## To do
Without including any pictures, please copy every entry below exactly.

## Material provided
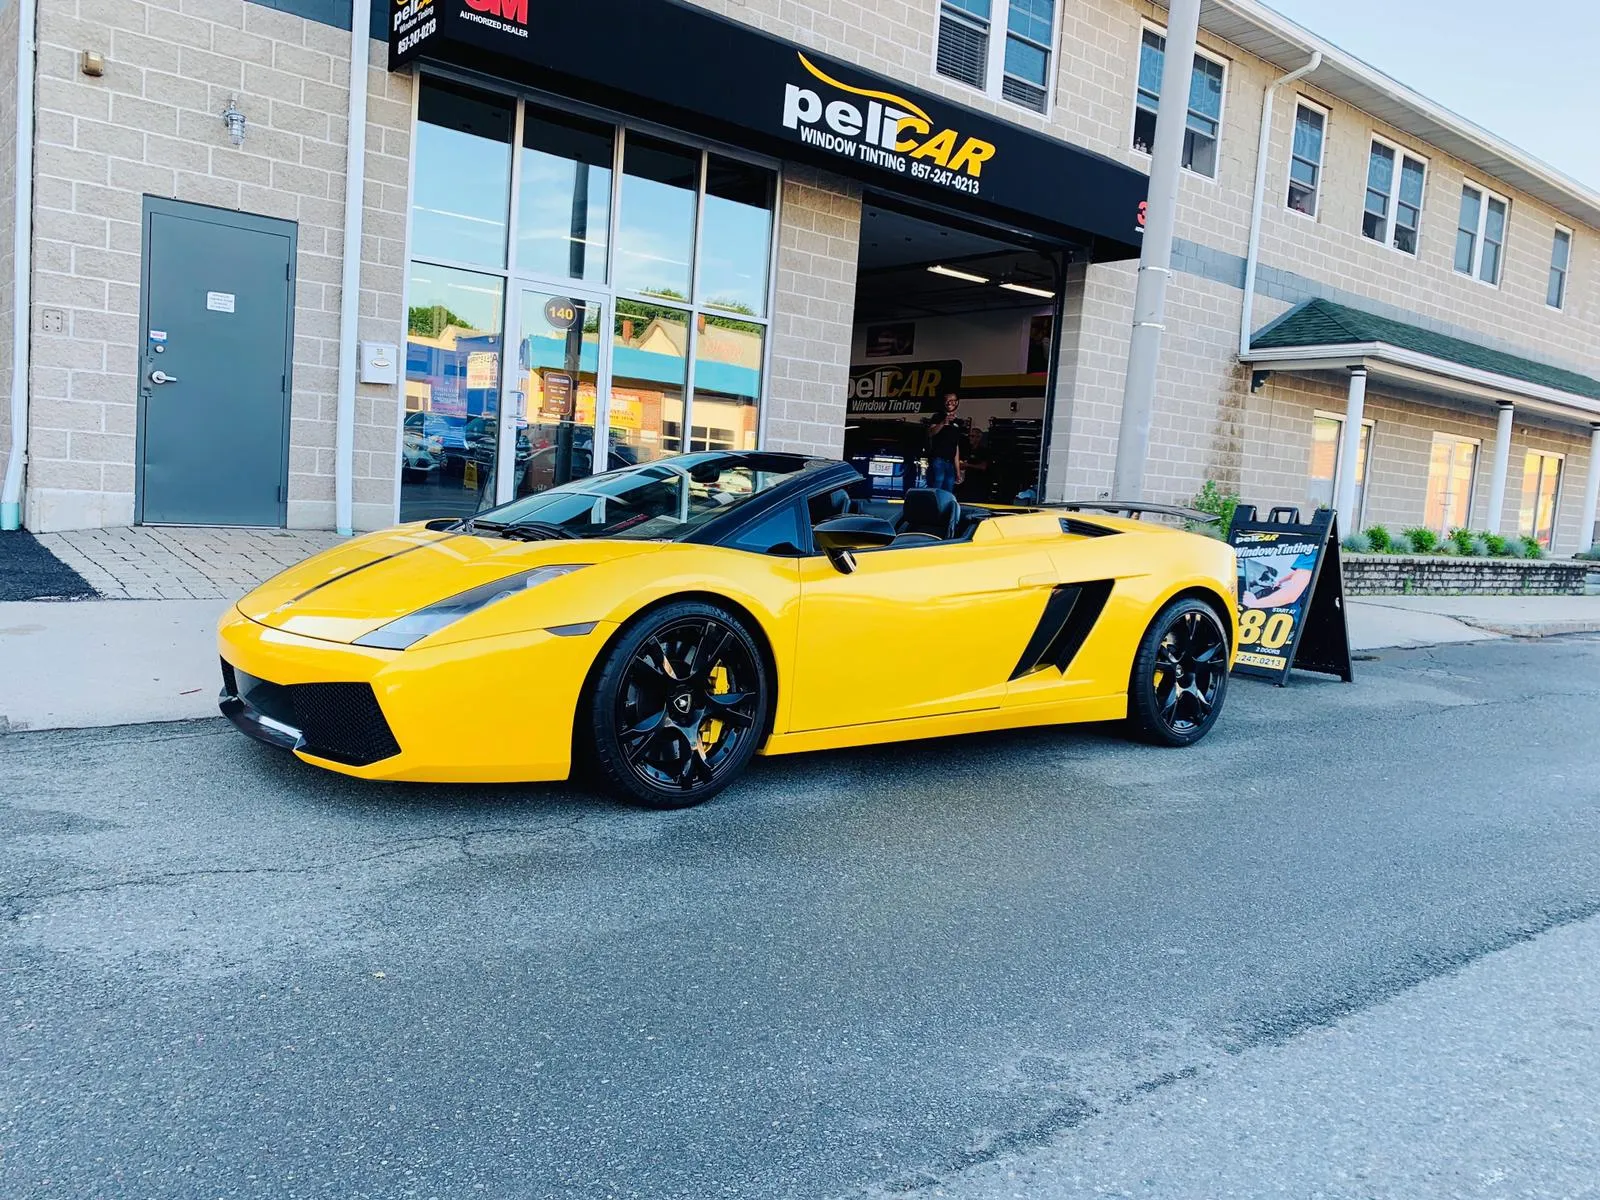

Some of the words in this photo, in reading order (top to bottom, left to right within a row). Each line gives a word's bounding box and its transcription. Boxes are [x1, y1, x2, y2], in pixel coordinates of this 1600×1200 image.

[459, 10, 502, 30] AUTHORIZED
[502, 23, 529, 38] DEALER
[782, 83, 996, 178] peliCAR
[800, 125, 857, 157] WINDOW
[858, 144, 906, 173] TINTING
[911, 161, 980, 194] 857-247-0213
[549, 306, 574, 320] 140
[852, 400, 887, 412] Window
[887, 399, 922, 413] Tinting

## Expected output
Some of the words in this photo, in reading order (top to bottom, left to right within a row). Each line gives a word's bounding box and its transcription. Boxes are [x1, y1, x2, y2], in pixel coordinates of this 1600×1200 image.

[459, 10, 502, 30] AUTHORIZED
[502, 23, 529, 38] DEALER
[782, 83, 996, 178] peliCAR
[800, 125, 857, 157] WINDOW
[858, 144, 906, 173] TINTING
[911, 161, 980, 194] 857-247-0213
[549, 306, 574, 320] 140
[852, 400, 887, 412] Window
[887, 399, 922, 413] Tinting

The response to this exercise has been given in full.